I’ve got an idea and a feather
to float me down from the sky;
eager peacocks rustle in the trees.
I’ve made my last promise,
spent my last cent.
I have no health insurance.
I twirl around and around,
arms outstretched, eyes closed,
in the fog.
I dip paintbrushes in a can filled with turpentine
and paint over the glass frame
that holds me in.
My brush makes a beautiful streaking sound
as I dab on green, then browns.
When will the plate of this season be moved aside?
I’ve been dreaming for years.
I choke on the chalky penicillin of sanity,
the rays of sunlight, the birds that keep me
up in the morning;
the tiny bits of rain
that drum on my window,
the first bit of coffee in my cup.
I eat the language of the impossible.
A fucking dreamer, just the same.
Alexandra Kostoulas grew up in Los Angeles where she started writing as the youngest member of the LA Poets and Writer’s Collective in 1997. She now holds an MFA in English & Creative Writing from Mills College in Oakland.
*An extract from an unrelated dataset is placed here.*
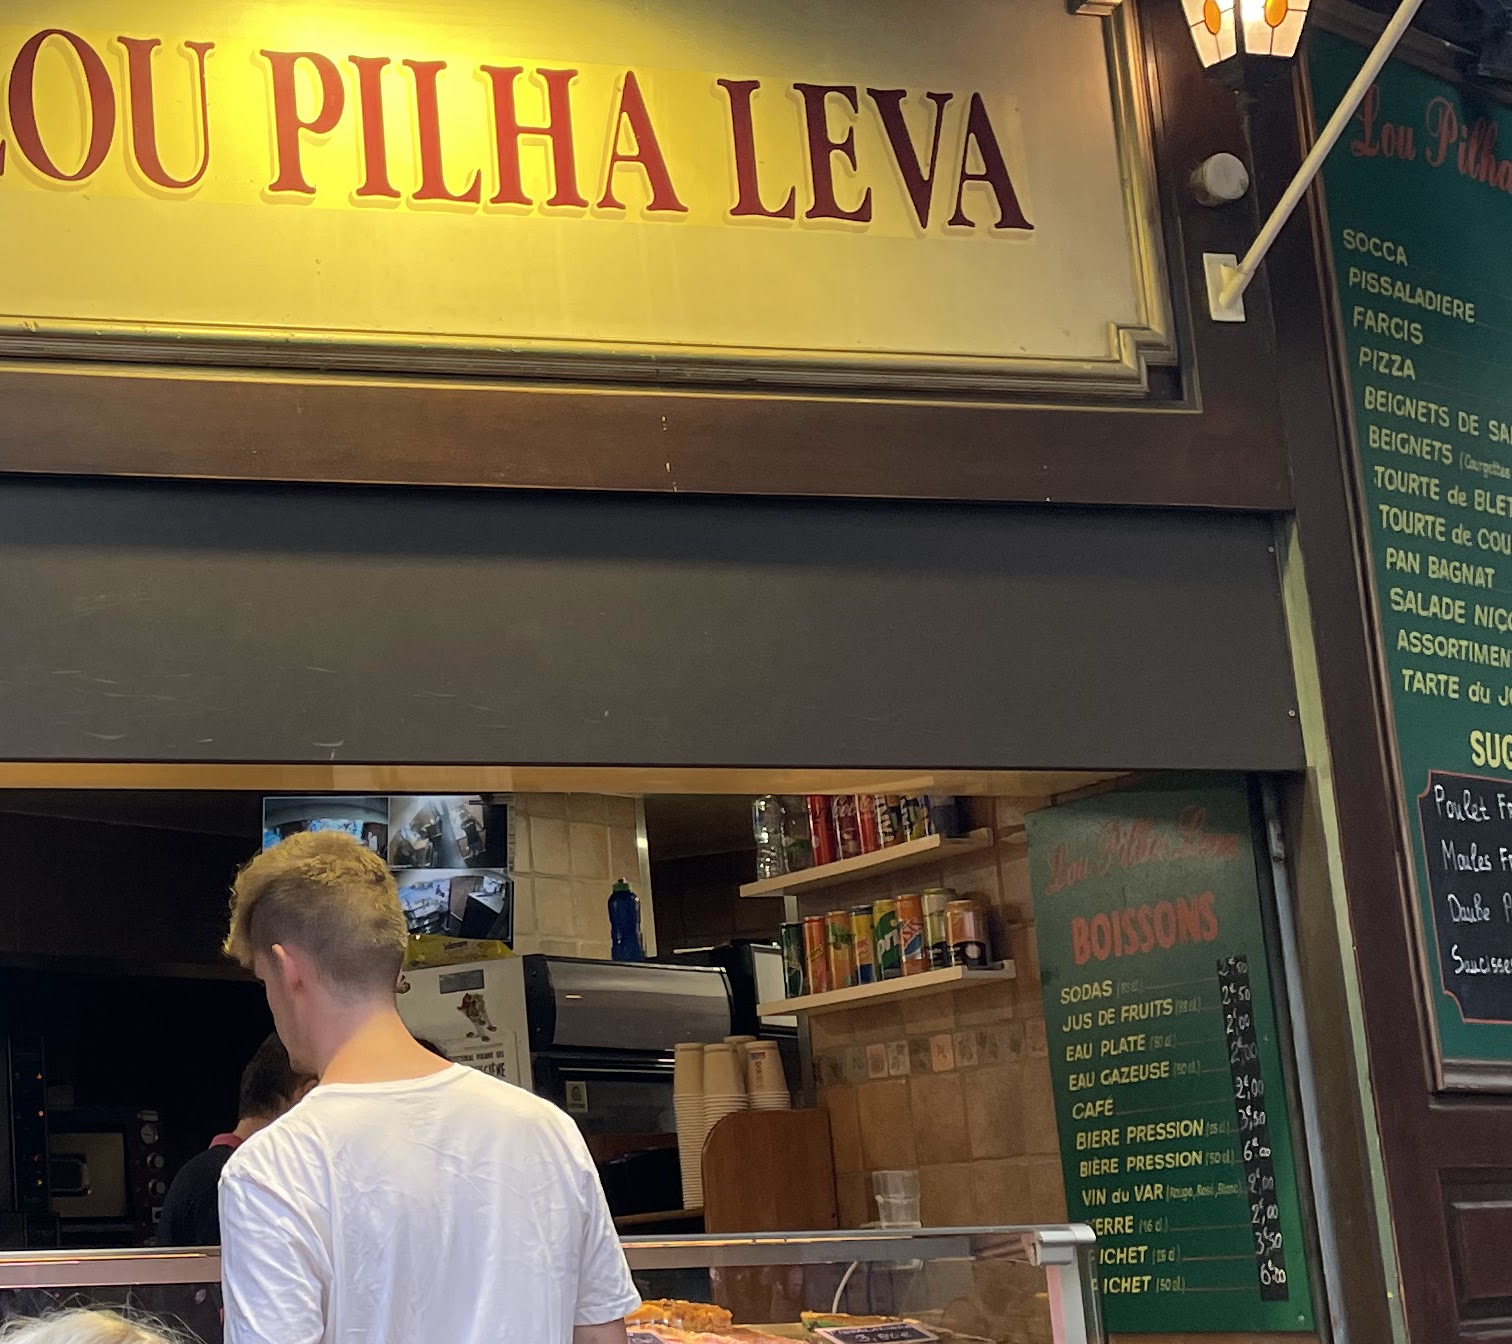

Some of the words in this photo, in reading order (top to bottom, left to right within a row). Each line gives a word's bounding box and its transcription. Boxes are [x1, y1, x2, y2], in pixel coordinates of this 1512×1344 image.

She received her B.A. in Literature from the College of Creative Studies at UC Santa Barbara. She writes non-fiction, poetry, short stories, and is working on a novel about the immigrant experience and stolen artifacts. Her poetry has been published in magazines and journals in Los Angeles (ONTHEBUS), Santa Barbara, the UK and Greece. Two of her poems were selected out of thousands of submissions as “poems of the month” by poetsagainstthewar.org. While at UCSB, she won the Keith E. Vinyard Memorial award for her short story, “The Albanian.” The Society of Professional Journalists of Northern California gave her an award for journalistic excellence for her reporting on Eminent Domain in Oakland, which aired on KALW 91.7fm. She was accepted into the NPR next generation project and aired a radio piece on San Francisco’s Greektown. She has read her work at the Santa Barbara Book and Author Festival, the Los Angeles Festival of Books, UC Berkeley’s Morrison Library, Beyond Baroque Bookstore in Venice, CA, and at Mills College. She was the editor-in-chief of the Mills College graduate literary anthology, CRUX. She has worked with editors for 580 Split, produced by Mills College and was an editorial intern for City Lights Publishers in San Francisco. In 2007, she was awarded a grant from the Bill and Melinda Gates Foundation through the Foundation for California Community Colleges for setting up a collaboration between high school and college faculty focused on helping high school students from underserved communities succeed in college. She teaches English, Creative Writing and ESL at Berkeley City College. She is teaching a workshop at 826 Valencia in San Francisco this fall on Jack Grapes’ Method Writing. She lives in San Francisco.